Sample video (https://www.mediafire.com/file/hw0mcamkynsrj7j/test_1080i.mp4) used for benchmarking.

feisty2
31st August 2017, 19:03
with floating point support, great, the one comes with vsinstaller can rest in peace now

DJATOM
4th October 2017, 15:19
Debian 8, gcc 4.9, and I can't build it there: https://pastebin.com/km3g2hKS. If compiler is too old (most likely that), which gcc version should I use?

HolyWu
4th October 2017, 16:02
Debian 8, gcc 4.9, and I can't build it there: https://pastebin.com/km3g2hKS. If compiler is too old (most likely that), which gcc version should I use?

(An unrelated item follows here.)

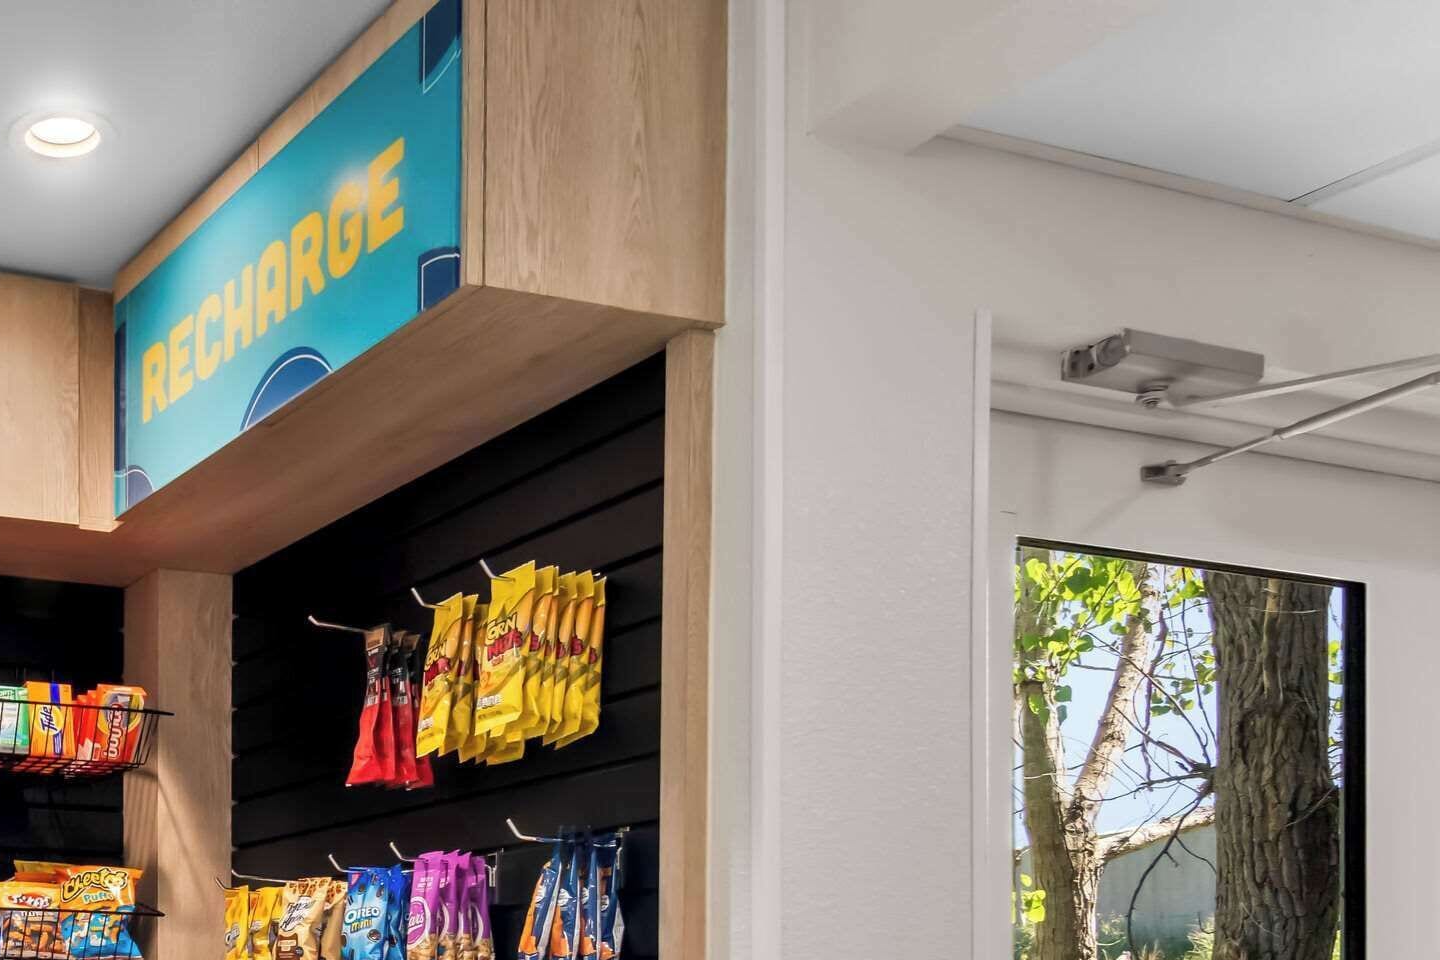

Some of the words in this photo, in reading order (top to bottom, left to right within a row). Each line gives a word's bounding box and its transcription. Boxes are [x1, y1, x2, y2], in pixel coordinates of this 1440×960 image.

[142, 136, 405, 424] RECHARGE
[39, 704, 57, 733] Tide
[345, 907, 380, 924] OREO

I guess GCC 5.x series could do the job.

HolyWu
13th October 2017, 09:03
Update r2.


EEDI3: Add avx and avx512 instruction sets. Remove avx2 instruction set.
EEDI3CL: Remove sse4.1 and avx2 instruction sets.
Minor speed improvement.


The benchmark in the first post is revised.

edcrfv94
15th October 2017, 18:54
import vapoursynth as vs

core = vs.get_core(threads=0)
core.max_cache_size = 32000

c = core.std.BlankClip(width=1920, height=1080, format=vs.YUV420P8, length=2000)
c = core.eedi3m.EEDI3(c, field=0, opt=4)
c.set_output()


AMD ryzen 1950x stock

VS EEDI3 r1 x64
AVX2: 33.57fps

VS EEDI3 r2 x64
pure c: 6.14fps
sse2: 21.87fps
sse4.1: 27.58fps
AVX: 35fps

HolyWu
19th October 2017, 06:10
AVX-512 code seems to work.

It looks like not all the code paths are optimized for AVX-512, as it spent some time at the AVX turbo frequency.

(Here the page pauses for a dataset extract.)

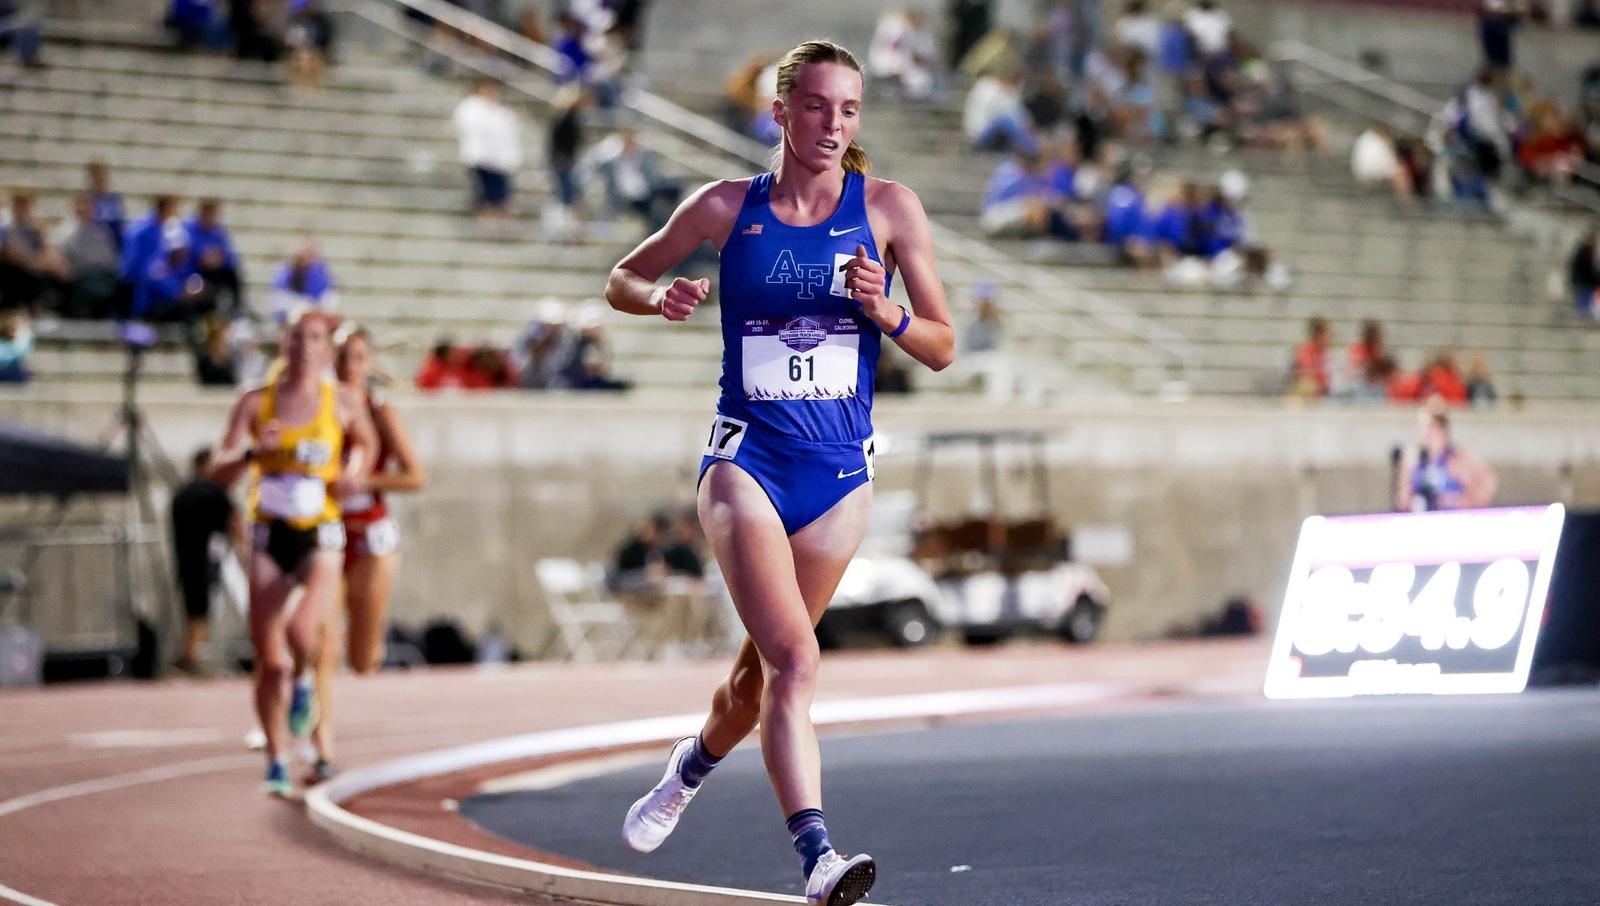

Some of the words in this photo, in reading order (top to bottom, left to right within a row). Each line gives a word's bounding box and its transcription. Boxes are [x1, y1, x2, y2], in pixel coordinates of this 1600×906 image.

[766, 249, 830, 299] AF
[788, 355, 814, 382] 61
[708, 419, 743, 449] 17

Thanks. Could you please try again with https://www.mediafire.com/file/tb7ioard7aaiig0/EEDI3-test.7z and see whether it makes any difference?

DJATOM
26th October 2017, 14:05
It would be nice if eedi3cl will have dw parameter just like it implemented in nnedi3cl. In that case I can dispose of Transpose calls in my script when CL versions is used (I'm using "sclip=nnedi3 clip").

KingLir
24th November 2017, 22:53
I am getting the following when building on macOS (latest 10.13.1 with latest eedi3 from GitHub). Any ideas ? I will appreciate any help.

https://pastebin.com/T1TJha0D

Are_
25th November 2017, 00:00
Your clang is too old, you need clang 5 or greater. If there isn't anything newer wait for it or use an older release without avx512 support.

KingLir
25th November 2017, 00:10
Your clang is too old, you need clang 5 or greater. If there isn't anything newer wait for it or use an older release without avx512 support.

Are you sure ? It's the latest Xcode and it says (also in the log I posted above) that it's clang 900.0.38

$ clang --version
Apple LLVM version 9.0.0 (clang-900.0.38)
Target: x86_64-apple-darwin17.2.0
Thread model: posix
InstalledDir: /Applications/Xcode.app/Contents/Developer/Toolchains/XcodeDefault.xctoolchain/usr/bin

Are_
25th November 2017, 00:24
I use Linux and I can replicate that error only if I use clang-4.0.1, with clang-5.0.0 it builds OK.
Apple's clang will be based on vanilla clang-5.x.x probably when they change that "clang-900" version string to something higher.

KingLir
25th November 2017, 00:53
I use Linux and I can replicate that error only if I use clang-4.0.1, with clang-5.0.0 it builds OK.
Apple's clang will be based on vanilla clang-5.x.x probably when they change that "clang-900" version string to something higher.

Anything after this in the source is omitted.